There was an extensive article about this study in the New York Times on 1/15/08 (by John Noble Wilford). Overall the Times article is good (except Wilford gets the definition of phylogenetic analysis a bit wrong - saying it is the study of the evolutionary relationships between organisms when really it is the study of evolutionary relationships of anything... but hey that is OK).
I confess I am not sure if I am completely convinced by all of Harper et al's arguments concerning the evolution of these bugs. My main concern is that the amount of variation they observe (in ~ 20 genes across these strains) is very very low. And thus the resolution of the phylogenetic trees is quite poor.

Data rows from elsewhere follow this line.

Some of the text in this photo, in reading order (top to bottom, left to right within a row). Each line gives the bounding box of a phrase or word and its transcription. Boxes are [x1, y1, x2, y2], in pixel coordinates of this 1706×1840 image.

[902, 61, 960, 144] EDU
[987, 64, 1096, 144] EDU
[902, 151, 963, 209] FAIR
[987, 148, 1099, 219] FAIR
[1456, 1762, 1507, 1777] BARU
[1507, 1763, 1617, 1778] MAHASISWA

Because this is a PLoS paper, it is truly "Open Access" and I can include the Figure here in my blog as long as I cite the original source (see below). If you look at the tree you can see some #s on the branches in the tree. These are based on a statistical test called bootstrapping and the numbers indicate (roughly) how well the tree that is shown represents all of the polymorphisms in the data. The #s are percentages and alas the % support is not very high for many of the branches. So a better resolution of the question of the origin of these diseases will likely require, well, a better resolution on the tree. This in turn will likely require complete genome sequences and perhaps more strains samples. Nevertheless, given the results they have, their arguments seem sound ... and this should stimulate people to gather more genomic data from these bugs.
Also see some other blogs on this
- Neil Woodburn
- John Dennehy (who mentions an article by Carl Zimmer in a non OA publication ... find out which by going to his blog)
Here is Figure 3. It is from Harper KN, Ocampo PS, Steiner BM, George RW, Silverman MS, et al. (2008) On the Origin of the Treponematoses: A Phylogenetic Approach. PLoS Negl Trop Dis 2(1): e148. doi:10.1371/journal.pntd.0000148
Figure 3. This maximum likelihood tree is based on 20 polymorphic regions in the T. pallidum genome. Bootstrap support was estimated with 1,000 replicates in order to assess confidence at branching points and are shown within circles where values are high (>90%). Bootstrap support values for both maximum likelihood and maximum parsimony trees are shown, in that order.